28 Pero Dios tiene el poder, Él es perfecto en lo Suyo. Y Jesús dijo: “Las cosas que Yo hago, vosotros también las haréis”; (¿Es eso correcto?) “aún más, o mayores; porque Yo voy a Mi Padre”.
Ahora, aquí está el… ¿Es este el paciente? Hermana. Muy bien. Discúlpeme. A veces otros se paran alrededor, me pongo interesado en hablar y yo…
Y todos aquí saben que he estado, durante los últimos minutos, como tardándome por algo, eso es, estoy esperando Su Presencia; porque sin Su presencia yo solo… Y se dan cuenta que esta noche es una pequeña desventaja. Si todos Uds. se fijan, hay un espíritu aquí, hay un espíritu allí, hay un espíritu aquí, hay un espíritu allá; en todas partes alrededor de mí hay espíritus. ¿Ven? Cada persona tiene un espíritu. Y ahora, observe: Aquí está alguien orando, allá está alguien orando, aquí está alguien orando, allá está alguien orando, allá está alguien orando. Y entonces cuando la unción baja, aquí está jalando para ese lado, y para este lado, y este lado, y este lado. ¿Ven?
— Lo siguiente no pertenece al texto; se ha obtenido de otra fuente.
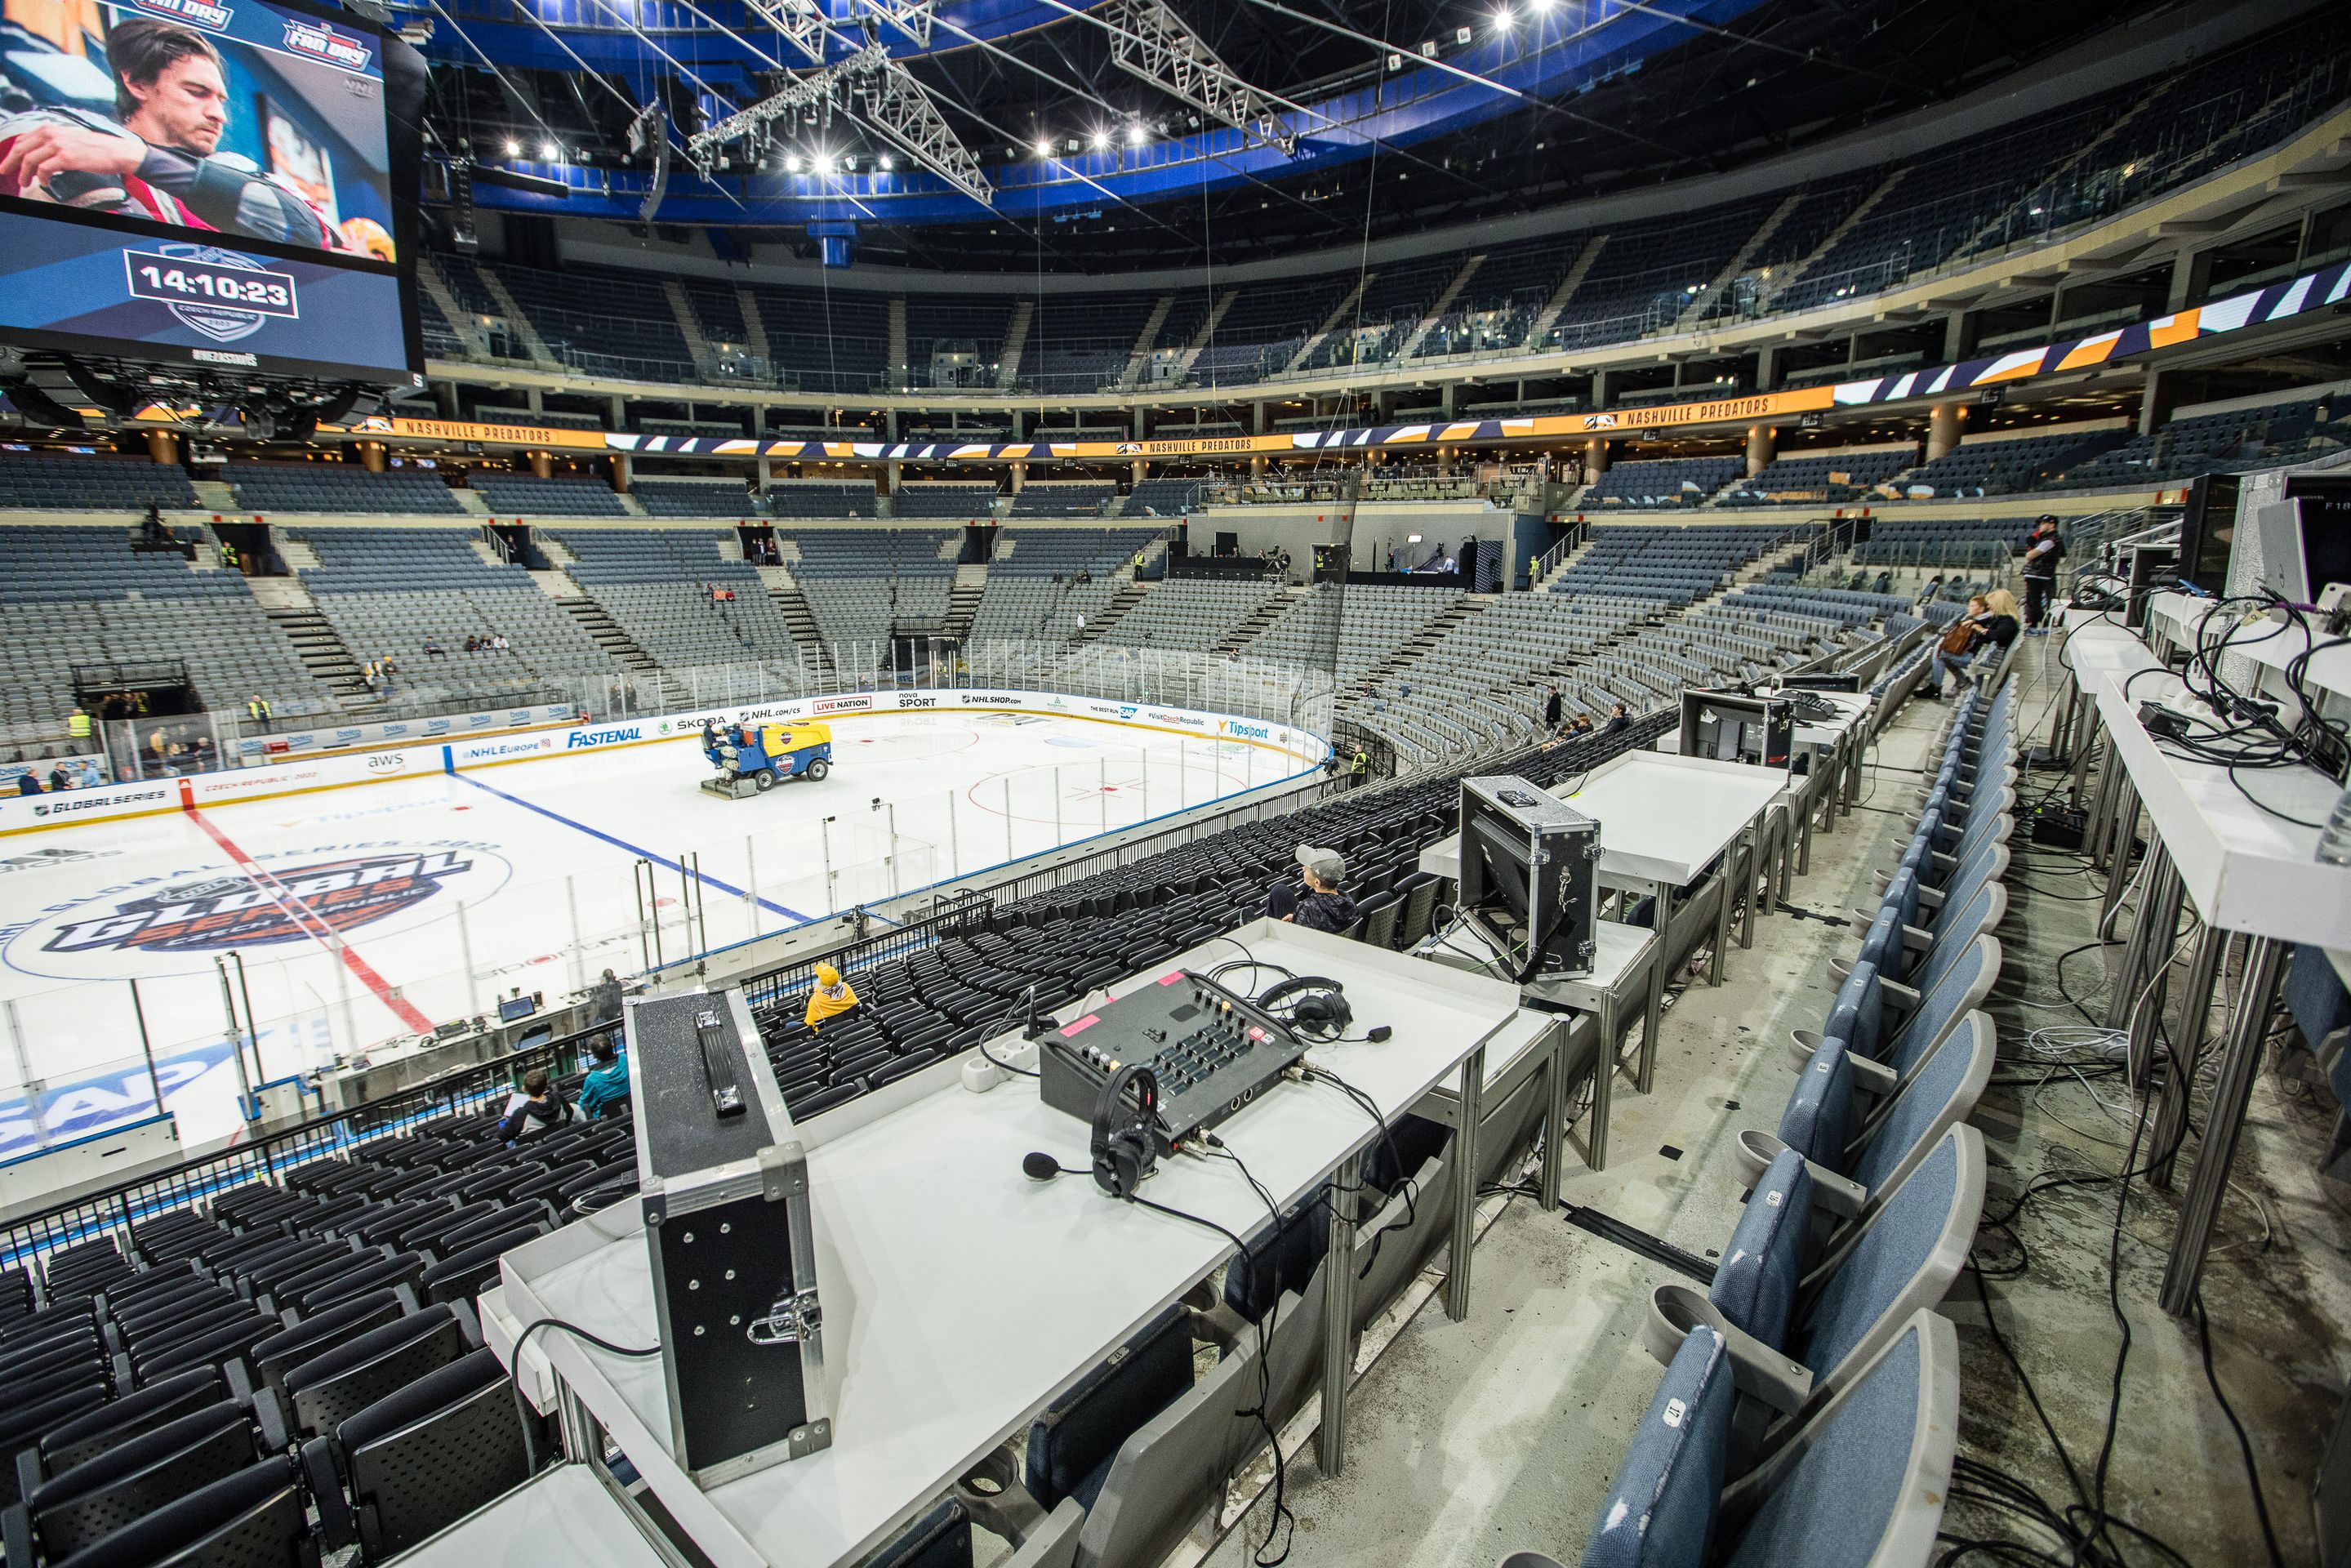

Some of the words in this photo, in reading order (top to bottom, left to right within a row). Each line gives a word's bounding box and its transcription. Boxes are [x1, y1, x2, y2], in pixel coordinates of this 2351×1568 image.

Y uno tiene que acercar a una persona, y llegar a un punto donde uno pueda tomar su propio espíritu y moverlo a donde uno pueda ver aquí, y después uno puede ver de manera individual otros lugares. ¿Ven?
Pero ahora, nunca he visto antes a este hombre. Me supongo que somos desconocidos, ¿lo somos, señor? Yo nunca lo he visto a usted. Pienso que nunca lo he visto. Bueno, acabo de llegar al pueblo hace unos minutos, solo para, el tiempo suficiente, para cambiarme de ropa, y llegar aquí. Y entonces, Ud. fue solo un hombre al que le dieron una tarjeta de oración aquí, y solo fue llamado a subir aquí a la plataforma, y eso es todo lo que hay al respecto.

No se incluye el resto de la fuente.